● PROBLEM TO WORK ON
Your answer should be the complete set of entries, transcribed exactly.
╭─ DATA FOR THIS TASK
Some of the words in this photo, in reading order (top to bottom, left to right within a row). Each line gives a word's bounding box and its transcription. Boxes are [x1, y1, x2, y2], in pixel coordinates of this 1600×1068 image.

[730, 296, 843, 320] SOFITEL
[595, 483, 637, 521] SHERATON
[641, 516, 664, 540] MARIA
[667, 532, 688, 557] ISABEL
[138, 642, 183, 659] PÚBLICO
╰─
● RESPONSE TO THE TASK
Some of the words in this photo, in reading order (top to bottom, left to right within a row). Each line gives a word's bounding box and its transcription. Boxes are [x1, y1, x2, y2], in pixel coordinates of this 1600×1068 image.

[730, 296, 843, 320] SOFITEL
[595, 483, 637, 521] SHERATON
[641, 516, 664, 540] MARIA
[667, 532, 688, 557] ISABEL
[138, 642, 183, 659] PÚBLICO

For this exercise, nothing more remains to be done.